_What to work on_: When you come to the line with "this 1440×1918 image.", begin repeating; continue exactly through the final line of the records and include nothing from before.

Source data
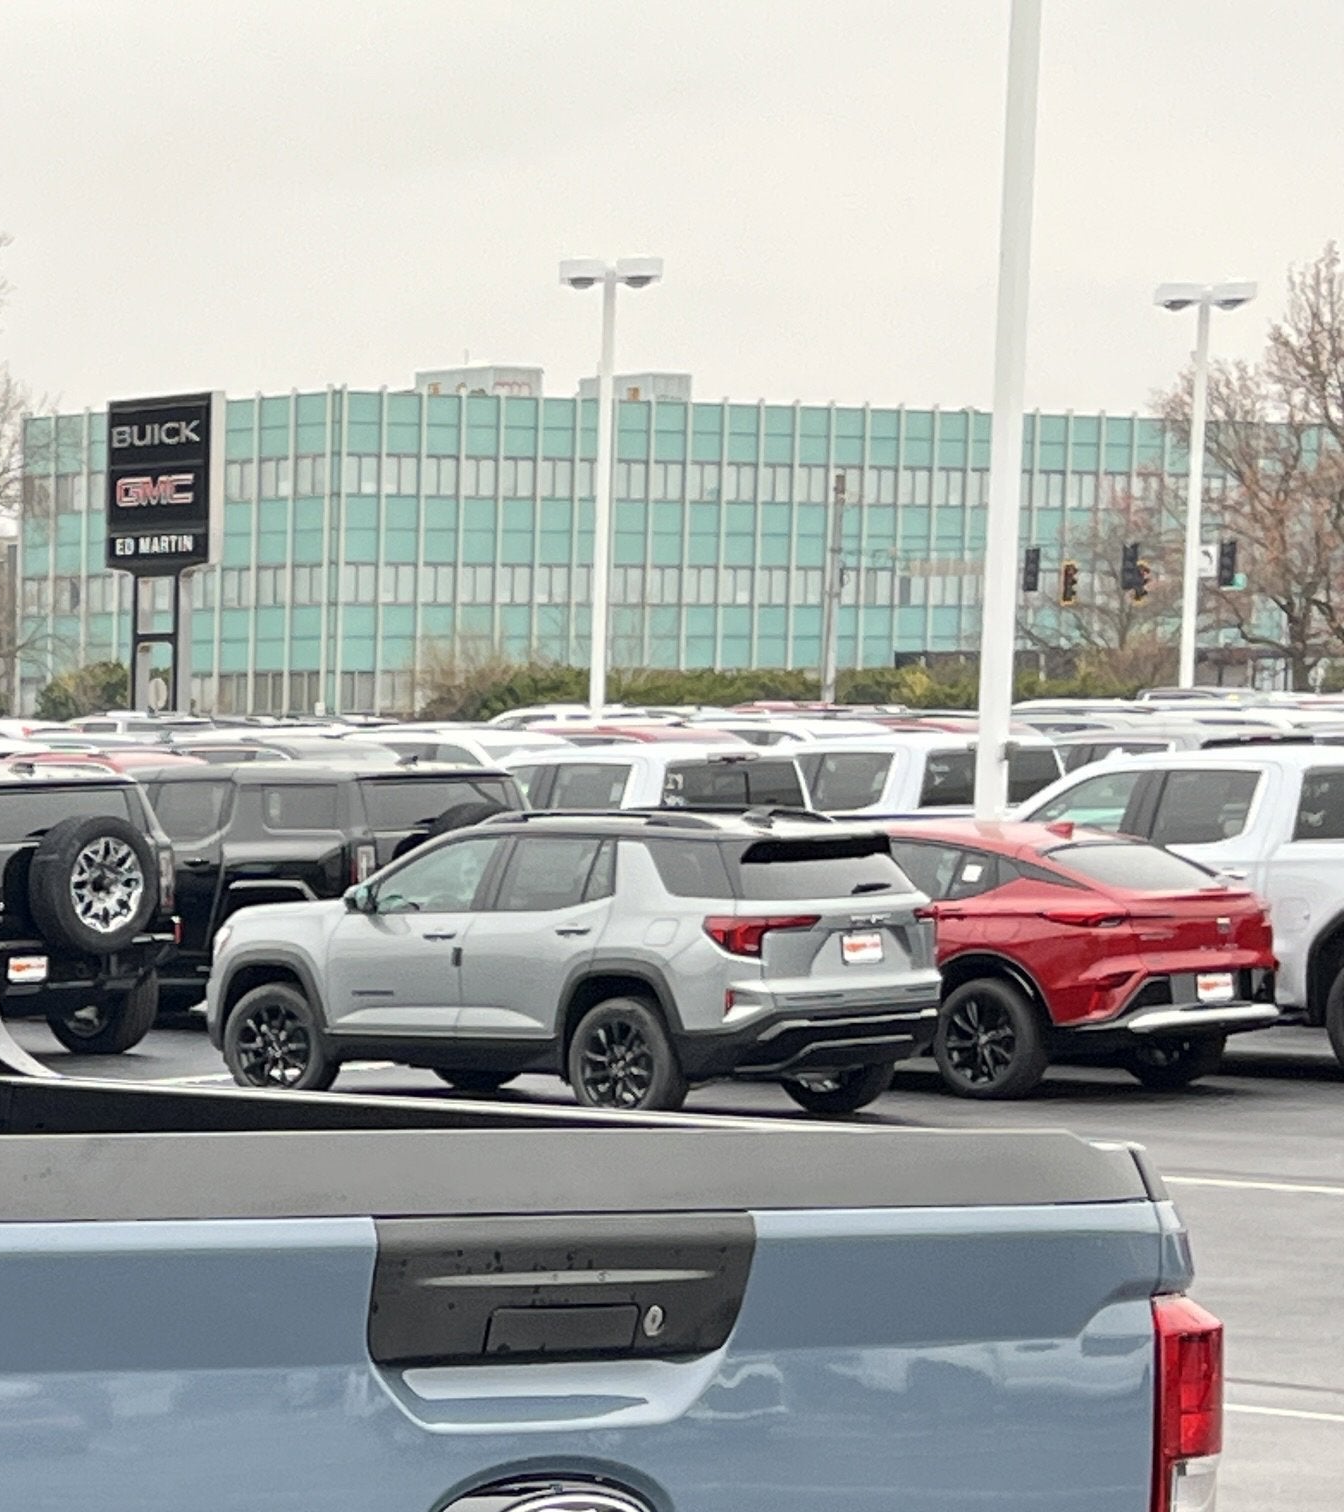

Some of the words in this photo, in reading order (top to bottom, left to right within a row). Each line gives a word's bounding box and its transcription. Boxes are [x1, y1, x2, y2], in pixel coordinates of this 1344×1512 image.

[111, 420, 201, 448] BUICK
[115, 473, 196, 508] GMC
[115, 538, 135, 556] ED
[139, 534, 194, 554] MARTIN
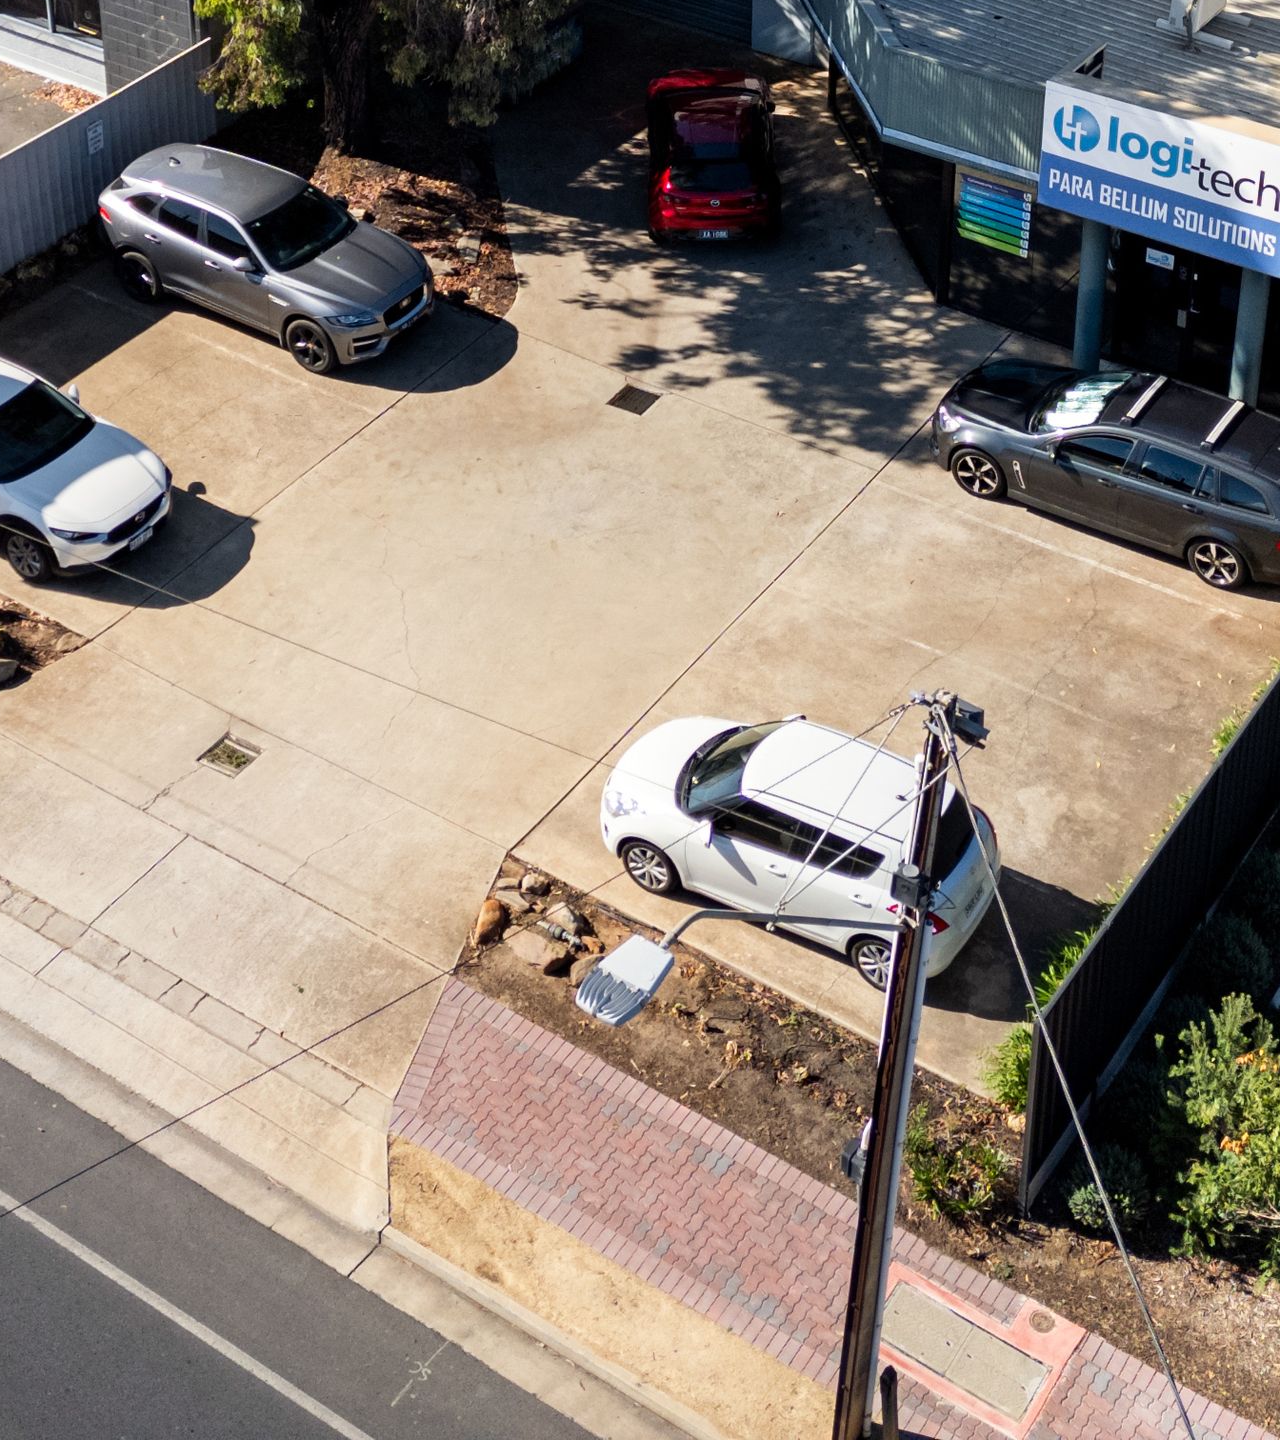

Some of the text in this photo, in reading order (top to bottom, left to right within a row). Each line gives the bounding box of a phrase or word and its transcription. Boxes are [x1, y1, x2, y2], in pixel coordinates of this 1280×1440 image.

[1049, 168, 1277, 257] PARA BELLUM SOLUTIONS
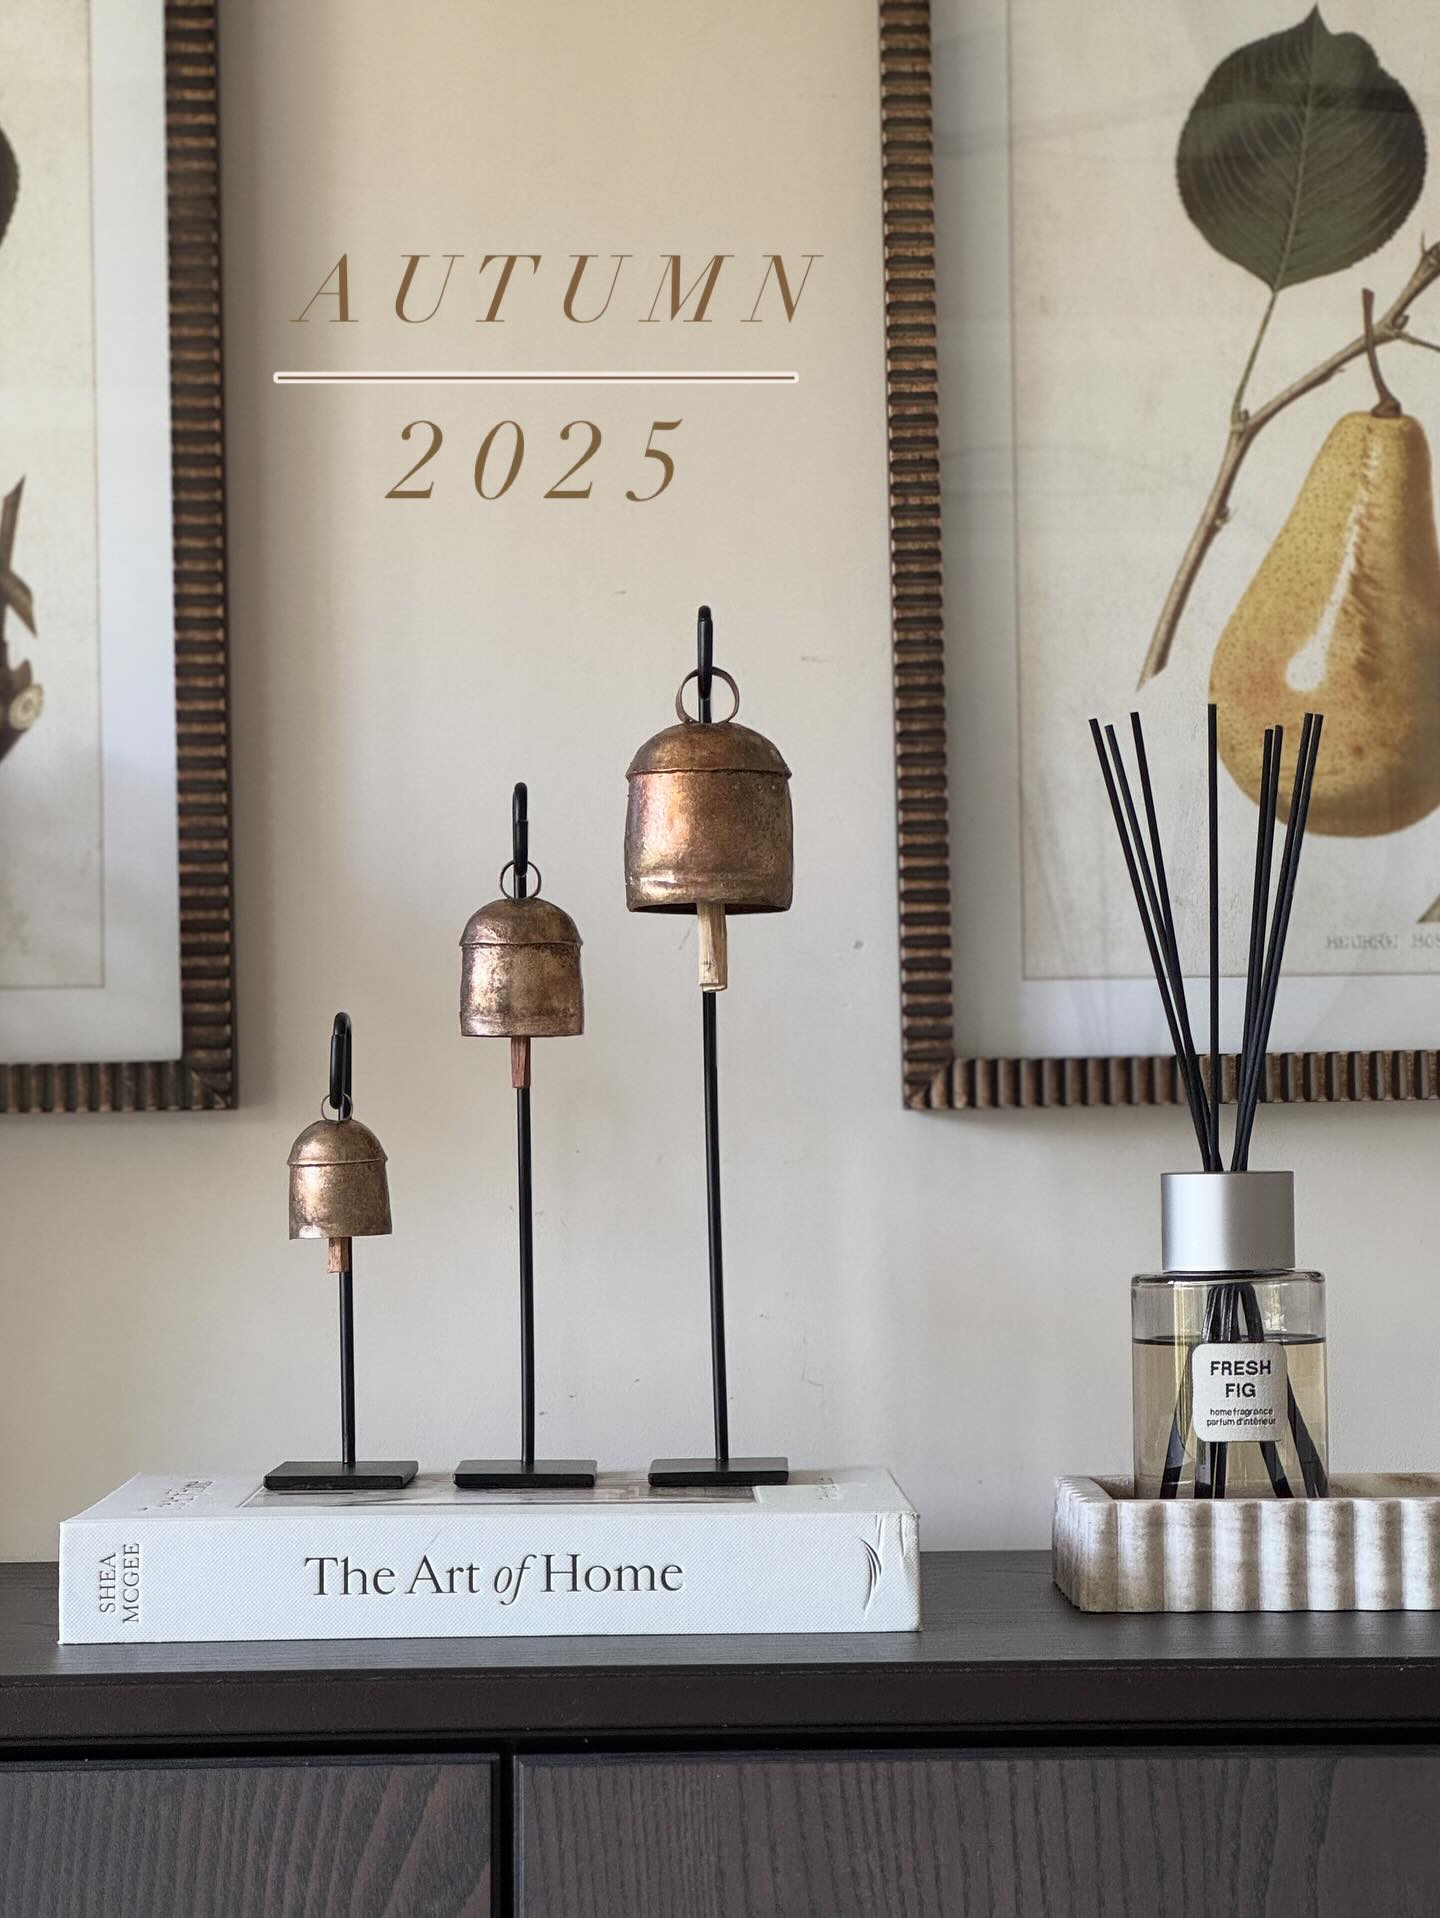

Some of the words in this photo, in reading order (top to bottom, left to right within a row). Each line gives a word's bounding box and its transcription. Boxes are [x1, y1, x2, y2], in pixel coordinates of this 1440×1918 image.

[1210, 1359, 1271, 1376] FRESH
[1225, 1382, 1256, 1398] FIG
[1210, 1407, 1232, 1416] home
[1233, 1407, 1274, 1418] fragrance
[1206, 1417, 1236, 1427] parfum
[99, 1552, 117, 1613] SHEA
[122, 1542, 140, 1624] MCGEE
[305, 1555, 396, 1596] The
[404, 1554, 481, 1595] Art
[493, 1553, 537, 1606] of
[540, 1553, 684, 1593] Home

_The answer_:
Some of the words in this photo, in reading order (top to bottom, left to right within a row). Each line gives a word's bounding box and its transcription. Boxes are [x1, y1, x2, y2], in pixel coordinates of this 1440×1918 image.

[1210, 1359, 1271, 1376] FRESH
[1225, 1382, 1256, 1398] FIG
[1210, 1407, 1232, 1416] home
[1233, 1407, 1274, 1418] fragrance
[1206, 1417, 1236, 1427] parfum
[99, 1552, 117, 1613] SHEA
[122, 1542, 140, 1624] MCGEE
[305, 1555, 396, 1596] The
[404, 1554, 481, 1595] Art
[493, 1553, 537, 1606] of
[540, 1553, 684, 1593] Home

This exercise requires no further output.